Review: The Ladykillers at Upstairs at the Gatehouse

Based on William Rose’s 1955 movie, The Ladykillers was adapted for the stage by Graham Linehan in 2011. A hilariously over the top and extremely British slapstick comedy, the play’s staged with great exuberance at the Gatehouse by the always entertaining Tower Theatre Company.

The story behind The Ladykillers is almost as much fun as the plot itself, which apparently came to screenwriter William Rose in a dream; he woke up in the middle of the night and told his wife, then went back to sleep – while she got up and wrote it all down so that she could remind him in the morning.

Photo credit: David Sprecher

Mrs Wilberforce is a little old lady who lives alone with her ailing parrot, General Gordon. When she rents her upstairs room to what she thinks is a group of classical musicians, little does she know they’re actually robbers planning a heist at Kings Cross. This is quite surprising – partly because Mrs Wilberforce usually sees conspiracy theories everywhere, but also because the eccentric Professor Marcus and his gang are particularly inept criminals. The stage is set for chaos, and this production certainly delivers – even the set seemed to be in on the joke, with Mrs Wilberforce’s front door frequently swinging open of its own accord.

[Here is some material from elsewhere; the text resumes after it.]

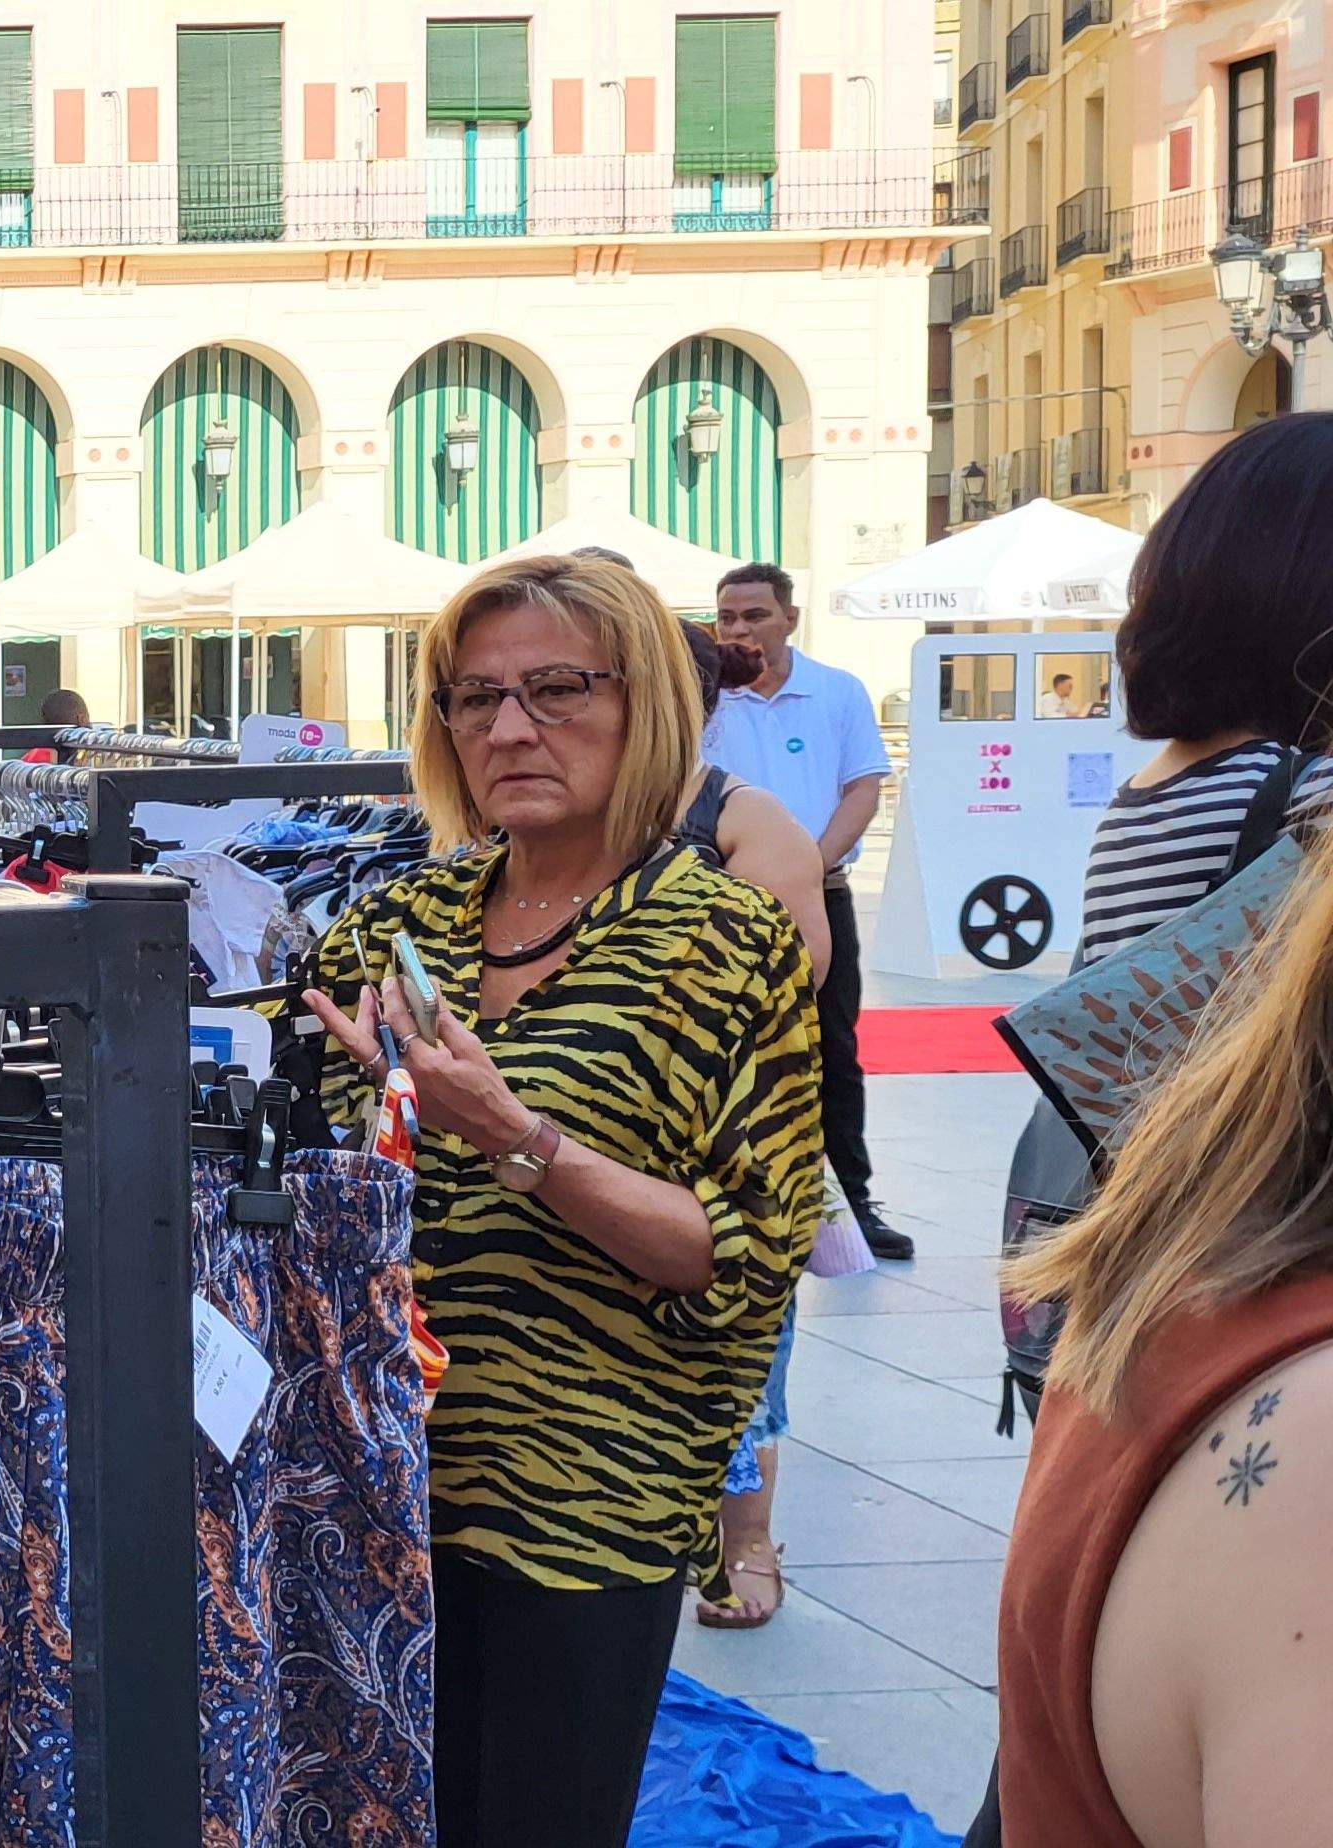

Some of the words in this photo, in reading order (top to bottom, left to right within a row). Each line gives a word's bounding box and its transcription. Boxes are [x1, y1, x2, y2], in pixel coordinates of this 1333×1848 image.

[895, 593, 958, 608] VELTINS
[268, 727, 296, 739] moda
[981, 744, 1011, 756] 100
[980, 777, 1010, 789] 100

That little issue aside, the set is impressive; stretching the full length of the substantial stage area at the Gatehouse, it allows us to see simultaneously into Mrs Wilberforce’s front room, the upstairs room and even, briefly, on to the roof. Everything in the house is a bit lop-sided (Mrs W unfortunately suffers from subsidence), and its proximity to the nearby railway line presents various comic opportunities in both set design and storyline.

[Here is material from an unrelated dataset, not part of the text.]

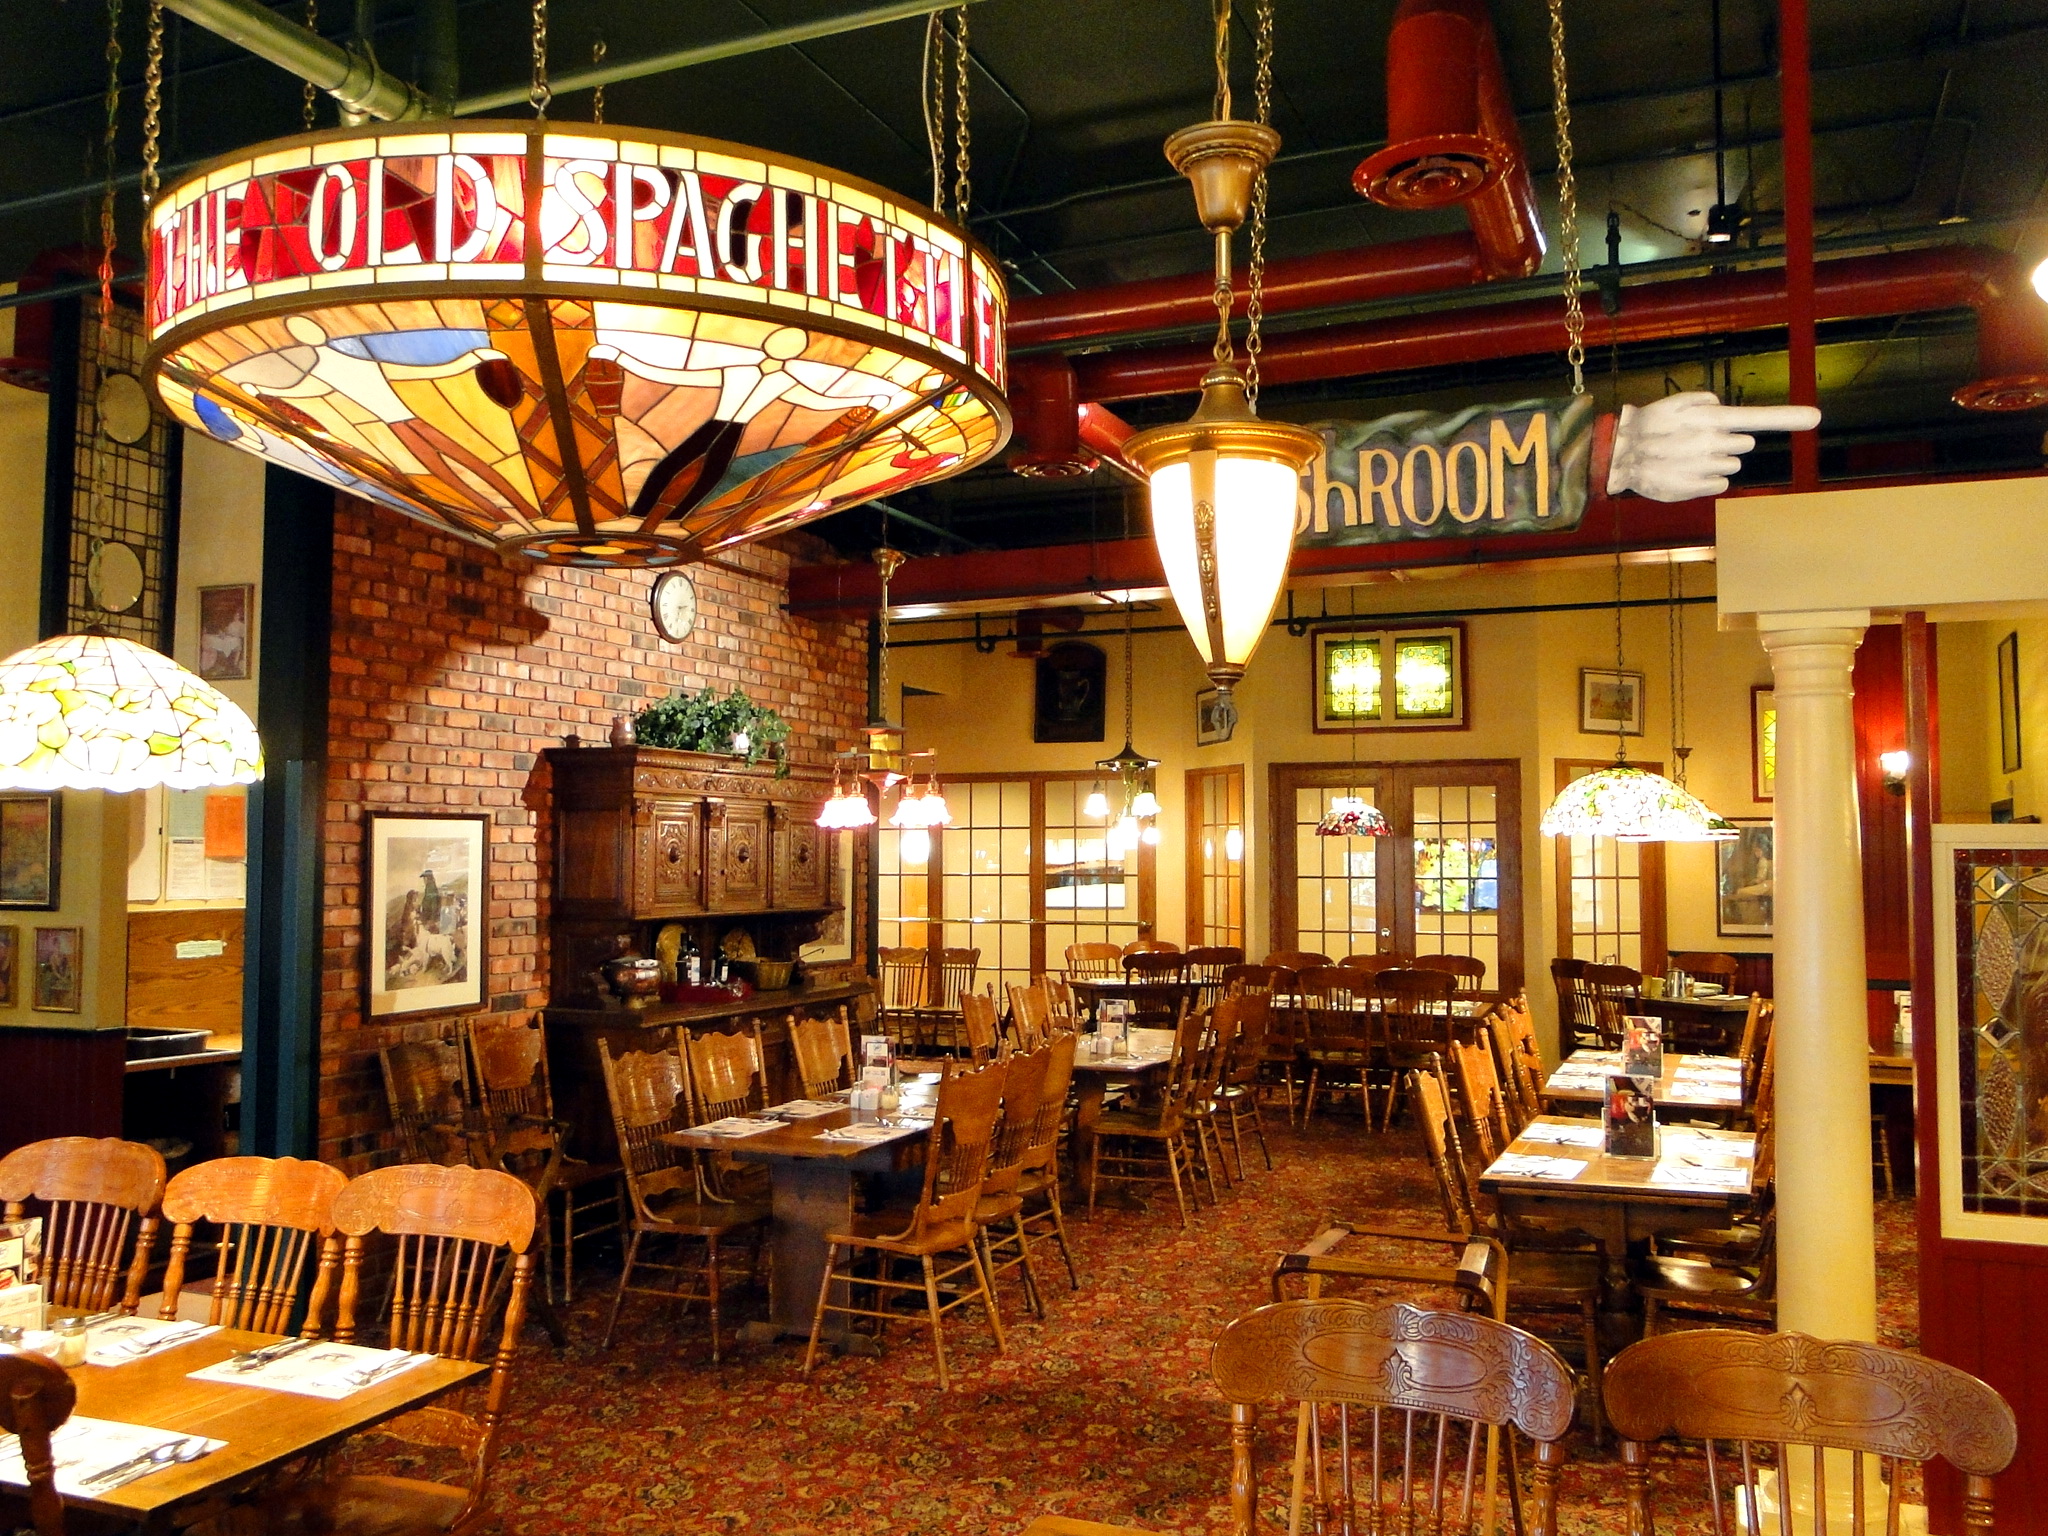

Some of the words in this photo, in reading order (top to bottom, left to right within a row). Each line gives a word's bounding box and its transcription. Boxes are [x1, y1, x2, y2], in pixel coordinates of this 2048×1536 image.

[161, 181, 249, 318] THE
[309, 154, 497, 271] OLD
[543, 159, 960, 348] SPAGHETTI

The cast have a lot of fun with their characters, all of whom are entirely ridiculous in their own way. Alison Liney leads the way as the clueless yet indomitable Mrs Wilberforce, while Ed Malcomson channels Basil Fawlty as the artist and criminal “mastermind” Professor Marcus, desperately trying to hold his plan together despite the best efforts of his incompetent colleagues. Dan Usztan’s nice but dim One Round is a delight, and there’s some enjoyable physical comedy from pill-popping Harry, played by Samuel Currie-Smith. Completing the gang of misfits are Alex T Hornby as Louis, a brooding Romanian hitman, and Michael Bettell as nervous wreck (and closet cross-dresser), the Major.

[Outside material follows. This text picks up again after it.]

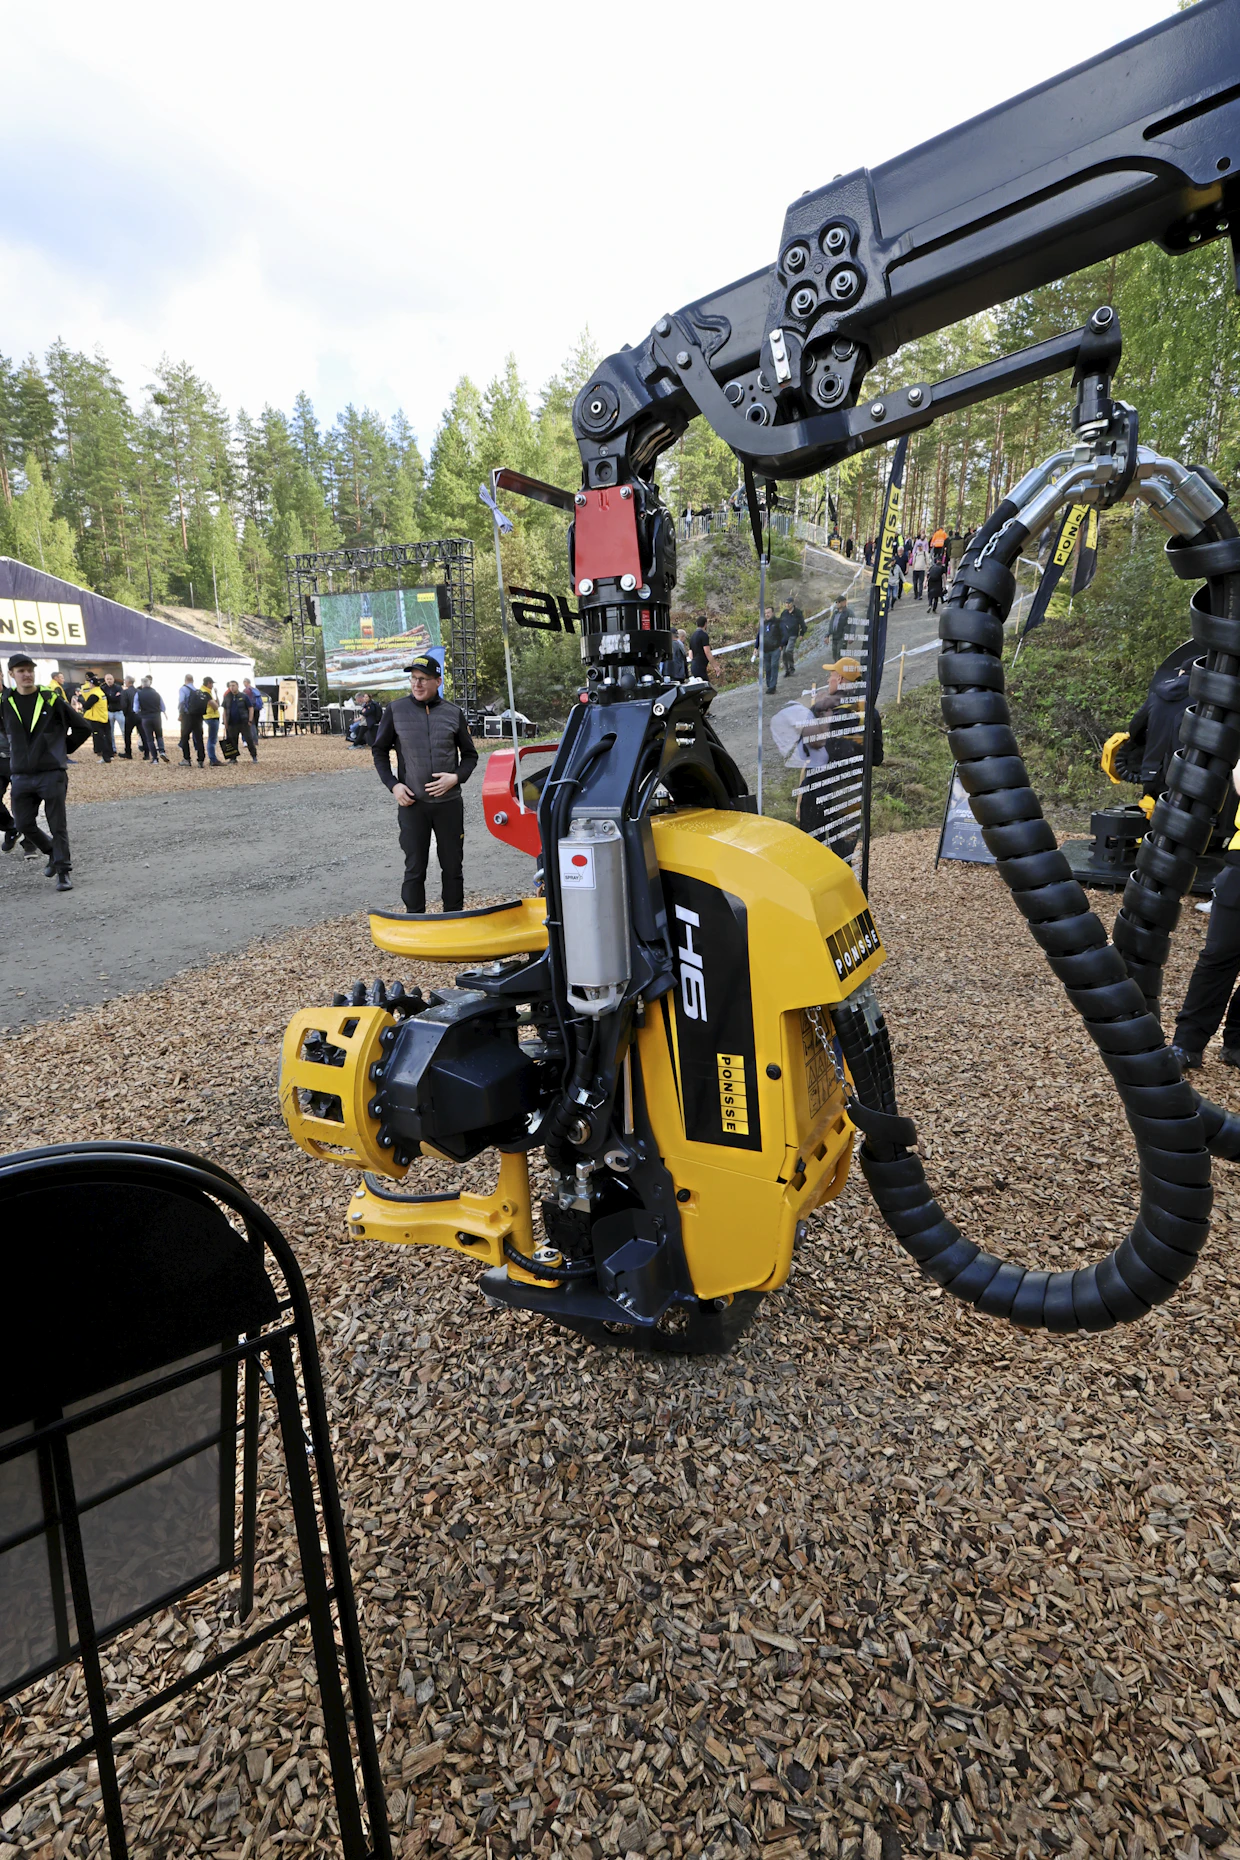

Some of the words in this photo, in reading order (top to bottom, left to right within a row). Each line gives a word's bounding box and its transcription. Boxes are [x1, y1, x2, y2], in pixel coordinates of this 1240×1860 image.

Photo credit: David Sprecher

Like most farces, many of the jokes – and the play’s ending – can be anticipated, but that doesn’t make them any less fun to watch. There are also a few enjoyable digs at artistic pretension and the British obsession with class and social appearances (which landed particularly well with the North London audience). The Ladykillers is perfect light-hearted evening entertainment, with a reminder that there’s a little good in the worst of men – though it may just turn out to be their downfall.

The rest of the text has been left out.